» To do
Except for the pictures, reproduce the records word for word.
Start of Entries provided
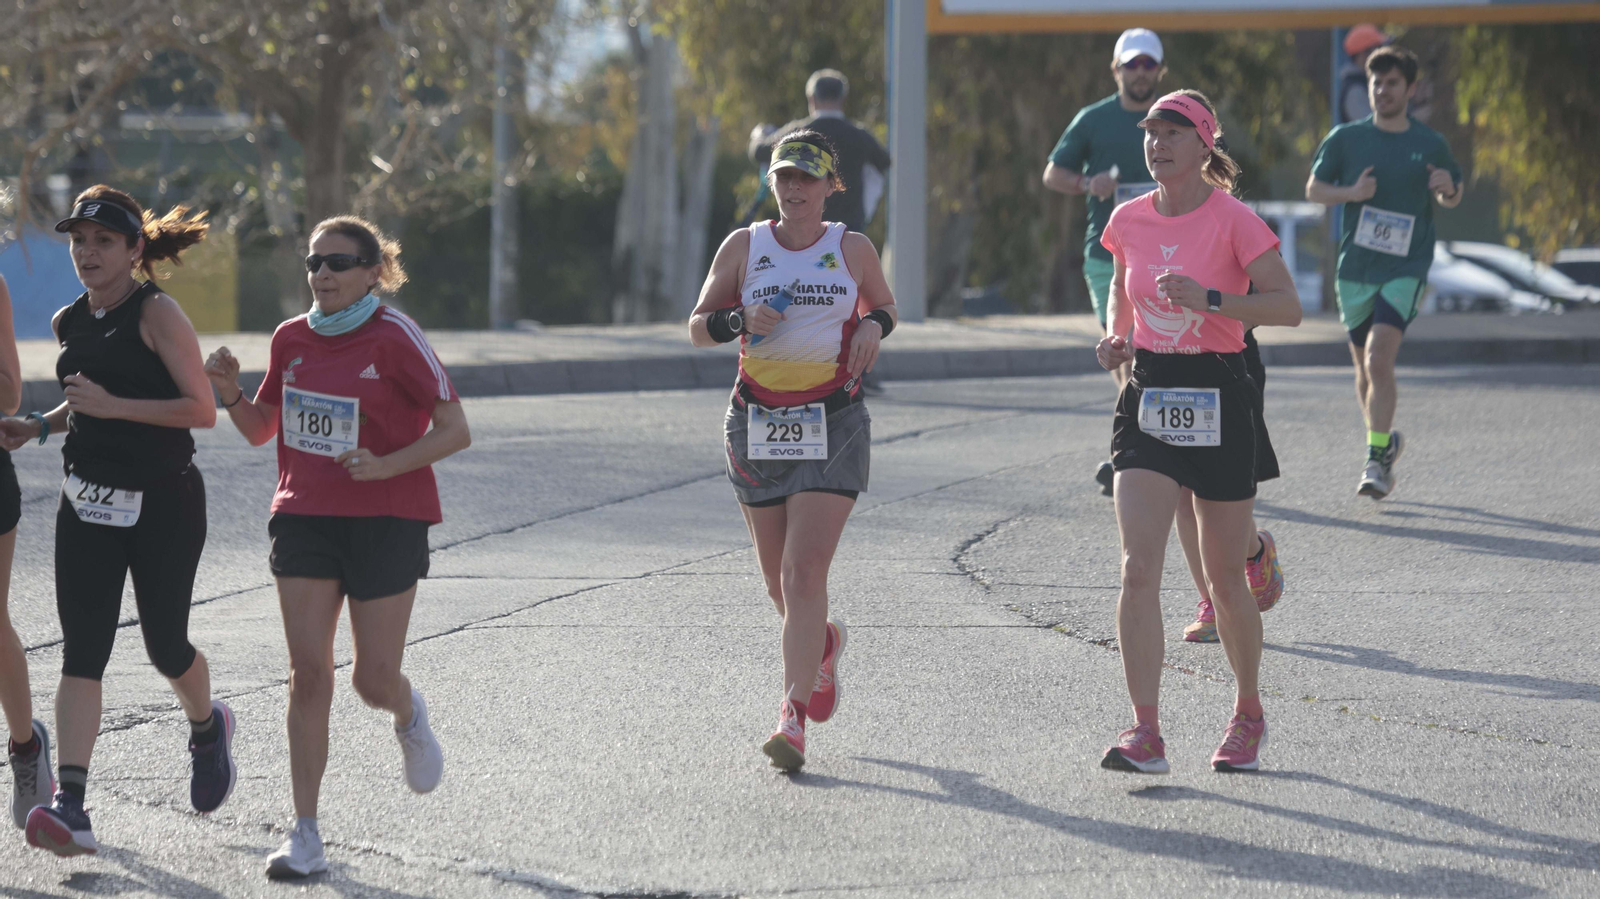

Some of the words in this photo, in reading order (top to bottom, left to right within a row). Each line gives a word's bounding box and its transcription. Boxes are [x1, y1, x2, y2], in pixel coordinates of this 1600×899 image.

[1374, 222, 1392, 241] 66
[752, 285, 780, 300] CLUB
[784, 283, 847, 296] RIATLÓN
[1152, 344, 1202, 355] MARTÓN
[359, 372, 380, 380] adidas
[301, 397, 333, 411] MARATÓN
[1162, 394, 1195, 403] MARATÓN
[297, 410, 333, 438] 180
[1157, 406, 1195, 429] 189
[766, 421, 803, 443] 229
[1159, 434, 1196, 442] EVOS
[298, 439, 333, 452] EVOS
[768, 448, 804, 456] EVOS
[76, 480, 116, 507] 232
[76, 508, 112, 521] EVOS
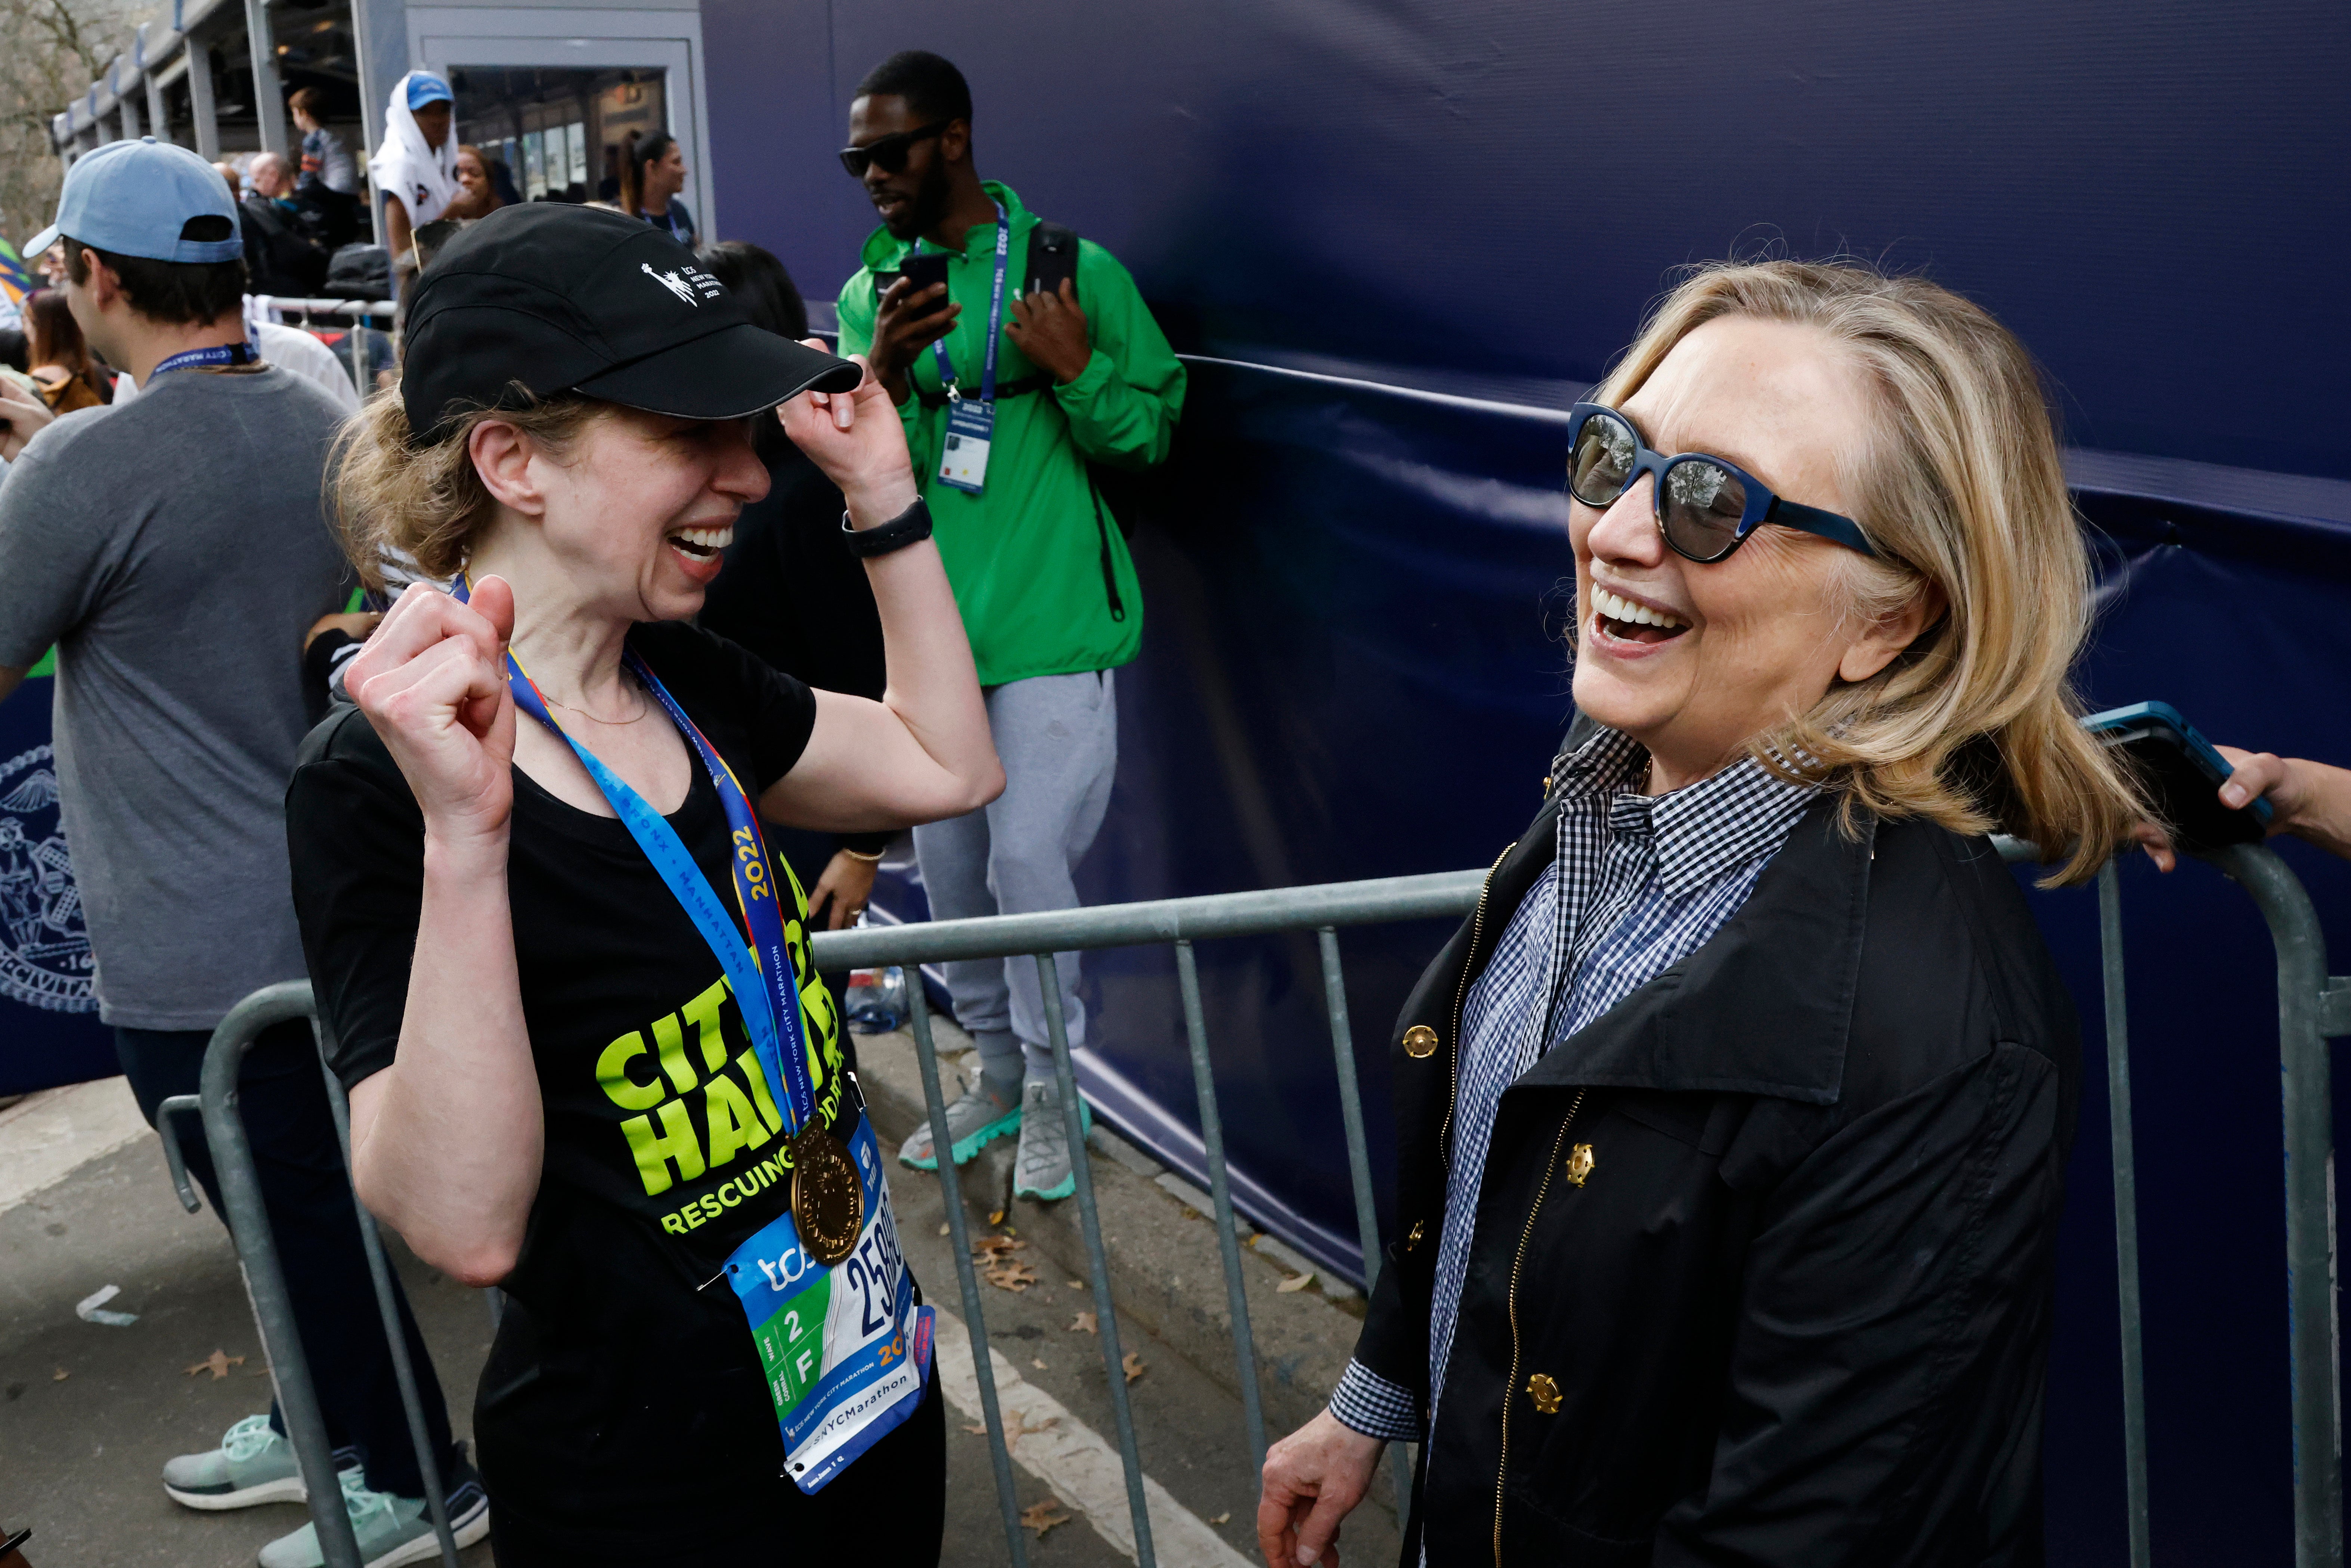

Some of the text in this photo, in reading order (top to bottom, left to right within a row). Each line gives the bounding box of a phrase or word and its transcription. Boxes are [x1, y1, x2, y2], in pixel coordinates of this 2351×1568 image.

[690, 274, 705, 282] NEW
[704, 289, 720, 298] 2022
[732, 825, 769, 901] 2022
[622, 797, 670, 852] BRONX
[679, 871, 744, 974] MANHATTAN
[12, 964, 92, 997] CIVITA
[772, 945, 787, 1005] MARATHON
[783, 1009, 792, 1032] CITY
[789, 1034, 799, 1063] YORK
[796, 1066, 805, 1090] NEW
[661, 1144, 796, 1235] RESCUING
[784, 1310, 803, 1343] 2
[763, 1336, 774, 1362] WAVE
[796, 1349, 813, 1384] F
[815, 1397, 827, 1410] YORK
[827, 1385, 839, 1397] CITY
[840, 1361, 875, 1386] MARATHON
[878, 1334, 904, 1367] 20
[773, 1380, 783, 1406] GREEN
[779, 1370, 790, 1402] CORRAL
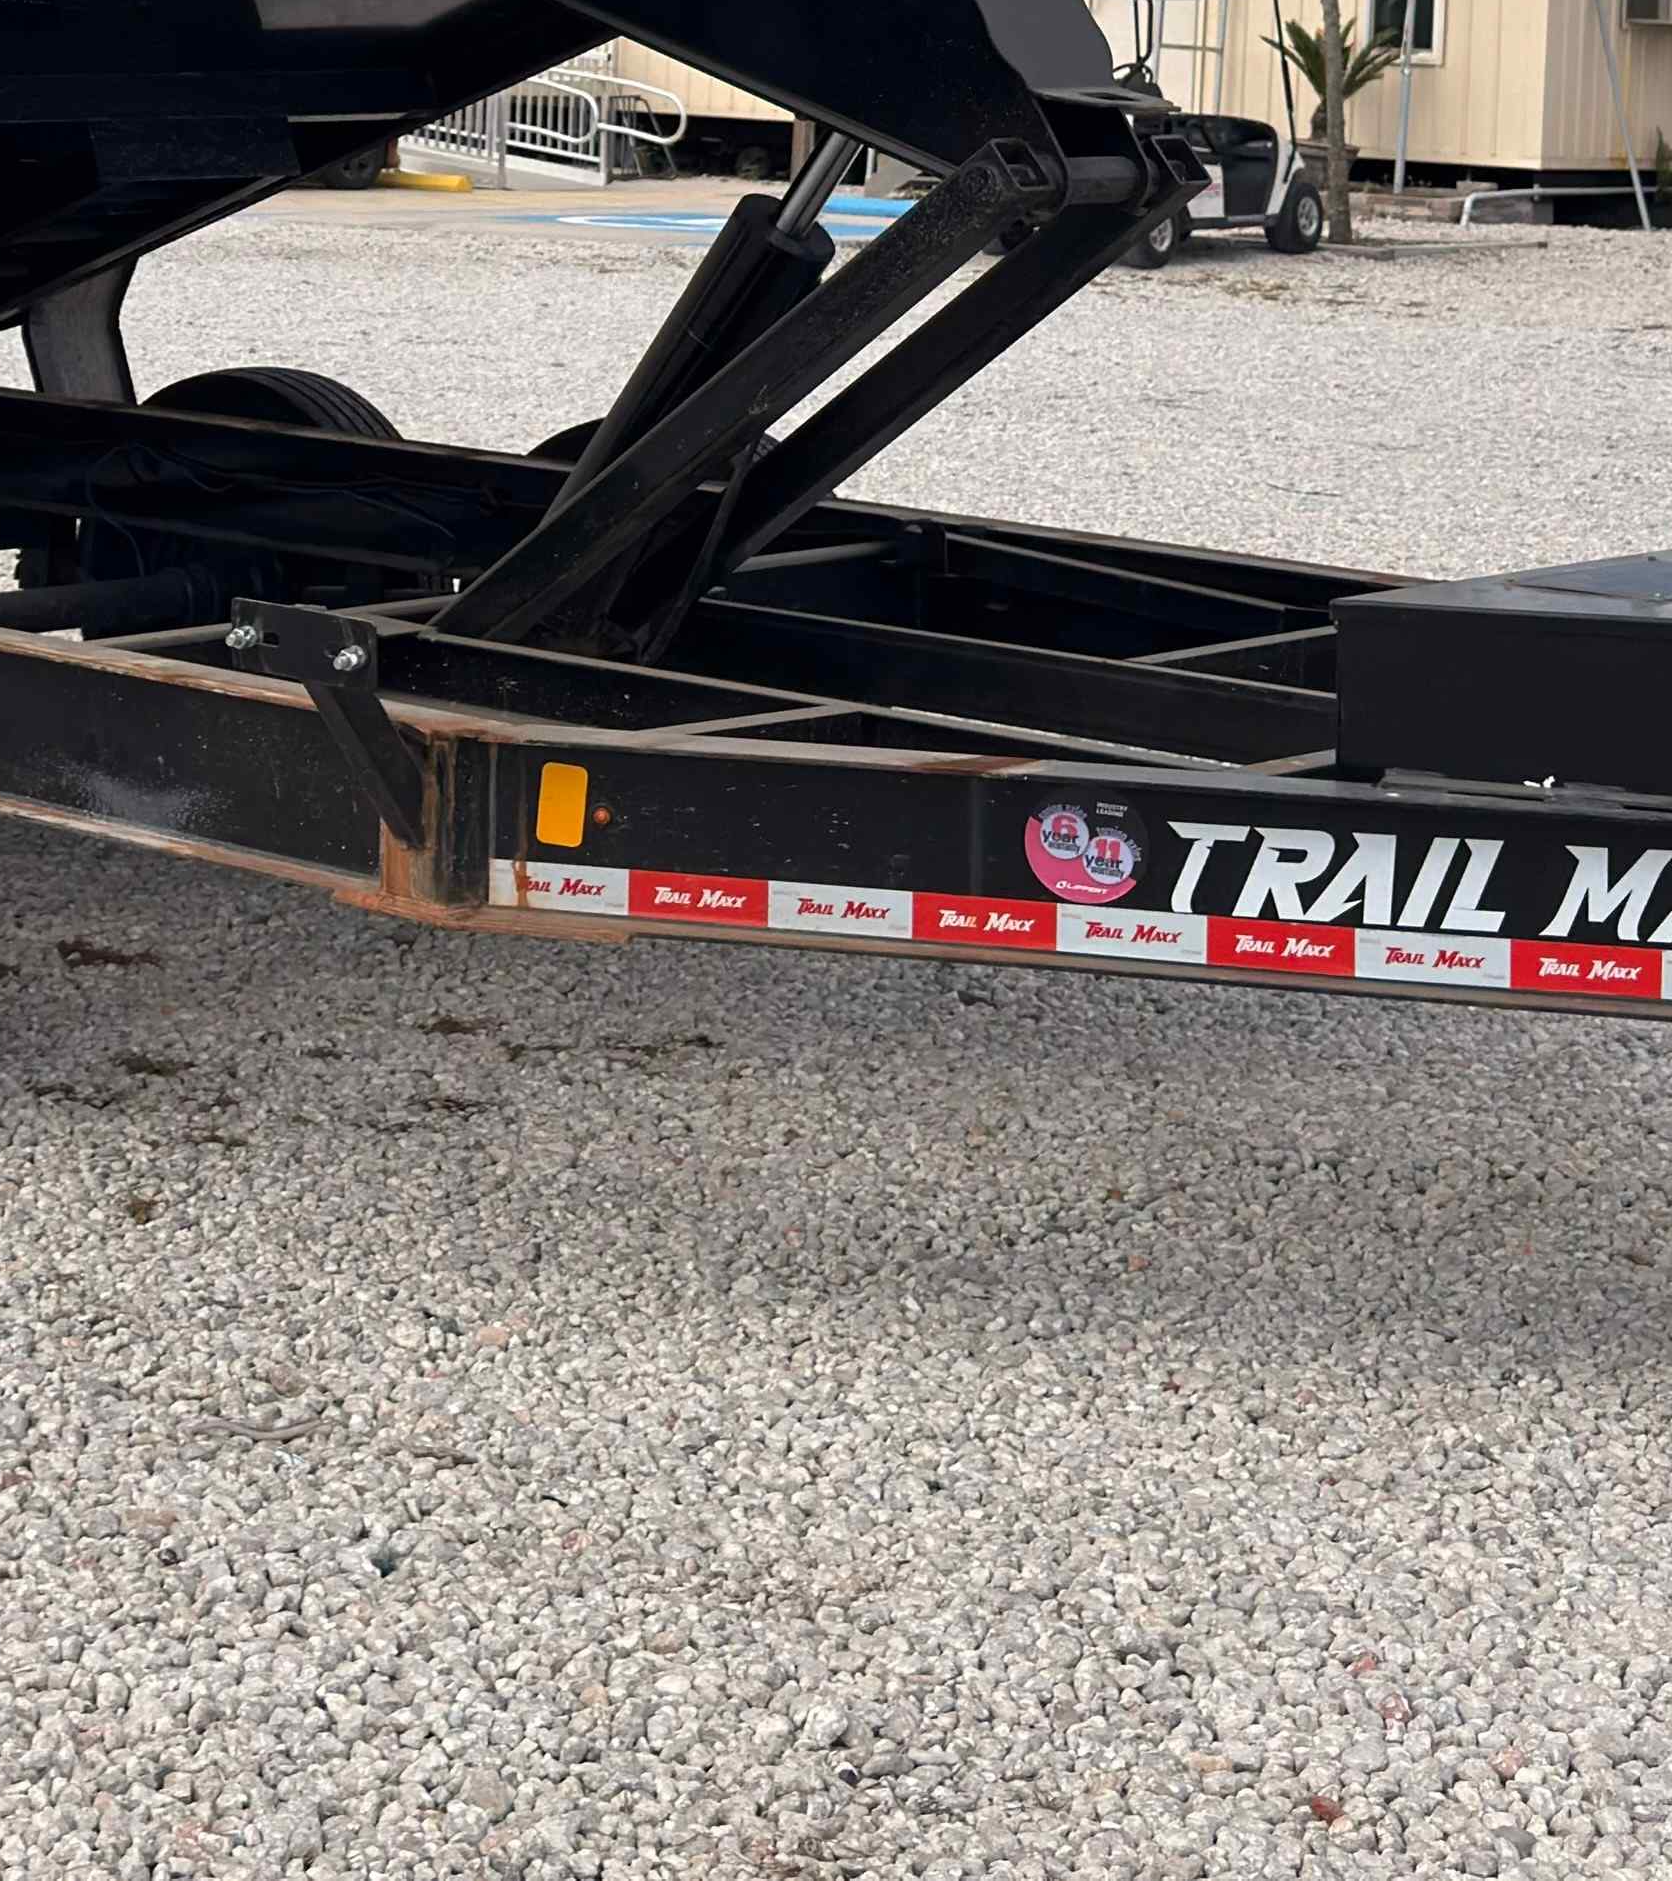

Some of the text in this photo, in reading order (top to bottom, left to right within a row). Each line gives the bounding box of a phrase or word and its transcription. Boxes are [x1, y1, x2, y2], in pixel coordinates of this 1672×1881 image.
End of Entries provided
» Finished exercise
Some of the words in this photo, in reading order (top to bottom, left to right within a row). Each line gives a word's bounding box and its transcription. Boxes are [x1, y1, x2, y2], in pixel coordinates of this 1600×899 image.

[1374, 222, 1392, 241] 66
[752, 285, 780, 300] CLUB
[784, 283, 847, 296] RIATLÓN
[1152, 344, 1202, 355] MARTÓN
[359, 372, 380, 380] adidas
[301, 397, 333, 411] MARATÓN
[1162, 394, 1195, 403] MARATÓN
[297, 410, 333, 438] 180
[1157, 406, 1195, 429] 189
[766, 421, 803, 443] 229
[1159, 434, 1196, 442] EVOS
[298, 439, 333, 452] EVOS
[768, 448, 804, 456] EVOS
[76, 480, 116, 507] 232
[76, 508, 112, 521] EVOS

Some of the text in this photo, in reading order (top to bottom, left to right within a row). Each line gives the bounding box of a phrase or word and its transcription. Boxes are [x1, y1, x2, y2], in pixel coordinates of this 2351×1568 image.

[690, 274, 705, 282] NEW
[704, 289, 720, 298] 2022
[732, 825, 769, 901] 2022
[622, 797, 670, 852] BRONX
[679, 871, 744, 974] MANHATTAN
[12, 964, 92, 997] CIVITA
[772, 945, 787, 1005] MARATHON
[783, 1009, 792, 1032] CITY
[789, 1034, 799, 1063] YORK
[796, 1066, 805, 1090] NEW
[661, 1144, 796, 1235] RESCUING
[784, 1310, 803, 1343] 2
[763, 1336, 774, 1362] WAVE
[796, 1349, 813, 1384] F
[815, 1397, 827, 1410] YORK
[827, 1385, 839, 1397] CITY
[840, 1361, 875, 1386] MARATHON
[878, 1334, 904, 1367] 20
[773, 1380, 783, 1406] GREEN
[779, 1370, 790, 1402] CORRAL

Some of the text in this photo, in reading order (top to bottom, left to right within a row). Each line gives the bounding box of a phrase or word and its transcription. Boxes are [x1, y1, x2, y2], in pixel coordinates of this 1672×1881 image.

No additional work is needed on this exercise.